[Dataset excerpts]
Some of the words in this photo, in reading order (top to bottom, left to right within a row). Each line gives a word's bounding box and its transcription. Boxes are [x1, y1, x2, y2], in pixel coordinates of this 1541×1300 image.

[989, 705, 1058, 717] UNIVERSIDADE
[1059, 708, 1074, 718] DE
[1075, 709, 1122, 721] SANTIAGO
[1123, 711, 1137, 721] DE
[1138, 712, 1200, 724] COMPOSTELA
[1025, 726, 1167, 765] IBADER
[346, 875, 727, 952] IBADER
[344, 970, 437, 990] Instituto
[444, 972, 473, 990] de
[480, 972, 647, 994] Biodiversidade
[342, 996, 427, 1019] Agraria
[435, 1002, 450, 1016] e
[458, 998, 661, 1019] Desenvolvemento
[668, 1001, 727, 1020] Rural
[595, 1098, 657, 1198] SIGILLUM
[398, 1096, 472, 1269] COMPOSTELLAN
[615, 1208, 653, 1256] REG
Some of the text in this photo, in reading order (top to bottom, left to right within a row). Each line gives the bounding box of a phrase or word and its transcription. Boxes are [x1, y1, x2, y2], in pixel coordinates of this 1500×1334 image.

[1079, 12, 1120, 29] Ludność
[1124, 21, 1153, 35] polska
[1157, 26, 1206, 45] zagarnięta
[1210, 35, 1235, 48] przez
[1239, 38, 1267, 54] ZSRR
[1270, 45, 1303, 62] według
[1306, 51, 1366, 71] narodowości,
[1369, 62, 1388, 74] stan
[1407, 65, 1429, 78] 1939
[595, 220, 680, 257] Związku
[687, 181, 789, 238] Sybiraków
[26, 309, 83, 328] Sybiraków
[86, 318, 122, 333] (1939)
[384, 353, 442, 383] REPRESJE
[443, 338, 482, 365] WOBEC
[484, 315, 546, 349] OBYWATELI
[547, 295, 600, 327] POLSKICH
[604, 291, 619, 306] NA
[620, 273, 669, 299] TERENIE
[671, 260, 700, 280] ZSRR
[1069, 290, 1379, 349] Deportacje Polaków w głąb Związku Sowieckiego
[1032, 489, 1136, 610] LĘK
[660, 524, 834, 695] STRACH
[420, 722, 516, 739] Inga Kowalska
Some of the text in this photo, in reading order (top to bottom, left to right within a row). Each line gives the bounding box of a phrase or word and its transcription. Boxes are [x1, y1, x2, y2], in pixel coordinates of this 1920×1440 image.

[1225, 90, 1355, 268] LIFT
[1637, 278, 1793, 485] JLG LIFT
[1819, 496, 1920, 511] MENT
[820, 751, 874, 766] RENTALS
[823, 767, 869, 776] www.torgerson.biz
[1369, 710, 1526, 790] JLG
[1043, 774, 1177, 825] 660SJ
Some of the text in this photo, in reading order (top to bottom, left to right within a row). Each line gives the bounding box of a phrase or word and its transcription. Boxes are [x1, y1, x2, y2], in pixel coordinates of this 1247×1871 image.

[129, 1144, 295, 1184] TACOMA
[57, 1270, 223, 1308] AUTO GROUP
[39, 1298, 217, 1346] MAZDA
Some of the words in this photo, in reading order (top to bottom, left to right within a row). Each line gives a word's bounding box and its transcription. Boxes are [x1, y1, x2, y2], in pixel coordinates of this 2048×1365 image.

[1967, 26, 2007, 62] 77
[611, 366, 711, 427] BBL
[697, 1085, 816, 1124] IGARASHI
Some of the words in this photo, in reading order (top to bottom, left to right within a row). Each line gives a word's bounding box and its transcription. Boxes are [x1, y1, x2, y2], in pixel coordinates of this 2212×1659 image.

■ **Exercise**:
What is needed is an exact repetition of all the entries above.

■ **Exercise response**:
Some of the words in this photo, in reading order (top to bottom, left to right within a row). Each line gives a word's bounding box and its transcription. Boxes are [x1, y1, x2, y2], in pixel coordinates of this 1541×1300 image.

[989, 705, 1058, 717] UNIVERSIDADE
[1059, 708, 1074, 718] DE
[1075, 709, 1122, 721] SANTIAGO
[1123, 711, 1137, 721] DE
[1138, 712, 1200, 724] COMPOSTELA
[1025, 726, 1167, 765] IBADER
[346, 875, 727, 952] IBADER
[344, 970, 437, 990] Instituto
[444, 972, 473, 990] de
[480, 972, 647, 994] Biodiversidade
[342, 996, 427, 1019] Agraria
[435, 1002, 450, 1016] e
[458, 998, 661, 1019] Desenvolvemento
[668, 1001, 727, 1020] Rural
[595, 1098, 657, 1198] SIGILLUM
[398, 1096, 472, 1269] COMPOSTELLAN
[615, 1208, 653, 1256] REG
Some of the text in this photo, in reading order (top to bottom, left to right within a row). Each line gives the bounding box of a phrase or word and its transcription. Boxes are [x1, y1, x2, y2], in pixel coordinates of this 1500×1334 image.

[1079, 12, 1120, 29] Ludność
[1124, 21, 1153, 35] polska
[1157, 26, 1206, 45] zagarnięta
[1210, 35, 1235, 48] przez
[1239, 38, 1267, 54] ZSRR
[1270, 45, 1303, 62] według
[1306, 51, 1366, 71] narodowości,
[1369, 62, 1388, 74] stan
[1407, 65, 1429, 78] 1939
[595, 220, 680, 257] Związku
[687, 181, 789, 238] Sybiraków
[26, 309, 83, 328] Sybiraków
[86, 318, 122, 333] (1939)
[384, 353, 442, 383] REPRESJE
[443, 338, 482, 365] WOBEC
[484, 315, 546, 349] OBYWATELI
[547, 295, 600, 327] POLSKICH
[604, 291, 619, 306] NA
[620, 273, 669, 299] TERENIE
[671, 260, 700, 280] ZSRR
[1069, 290, 1379, 349] Deportacje Polaków w głąb Związku Sowieckiego
[1032, 489, 1136, 610] LĘK
[660, 524, 834, 695] STRACH
[420, 722, 516, 739] Inga Kowalska
Some of the text in this photo, in reading order (top to bottom, left to right within a row). Each line gives the bounding box of a phrase or word and its transcription. Boxes are [x1, y1, x2, y2], in pixel coordinates of this 1920×1440 image.

[1225, 90, 1355, 268] LIFT
[1637, 278, 1793, 485] JLG LIFT
[1819, 496, 1920, 511] MENT
[820, 751, 874, 766] RENTALS
[823, 767, 869, 776] www.torgerson.biz
[1369, 710, 1526, 790] JLG
[1043, 774, 1177, 825] 660SJ
Some of the text in this photo, in reading order (top to bottom, left to right within a row). Each line gives the bounding box of a phrase or word and its transcription. Boxes are [x1, y1, x2, y2], in pixel coordinates of this 1247×1871 image.

[129, 1144, 295, 1184] TACOMA
[57, 1270, 223, 1308] AUTO GROUP
[39, 1298, 217, 1346] MAZDA
Some of the words in this photo, in reading order (top to bottom, left to right within a row). Each line gives a word's bounding box and its transcription. Boxes are [x1, y1, x2, y2], in pixel coordinates of this 2048×1365 image.

[1967, 26, 2007, 62] 77
[611, 366, 711, 427] BBL
[697, 1085, 816, 1124] IGARASHI
Some of the words in this photo, in reading order (top to bottom, left to right within a row). Each line gives a word's bounding box and its transcription. Boxes are [x1, y1, x2, y2], in pixel coordinates of this 2212×1659 image.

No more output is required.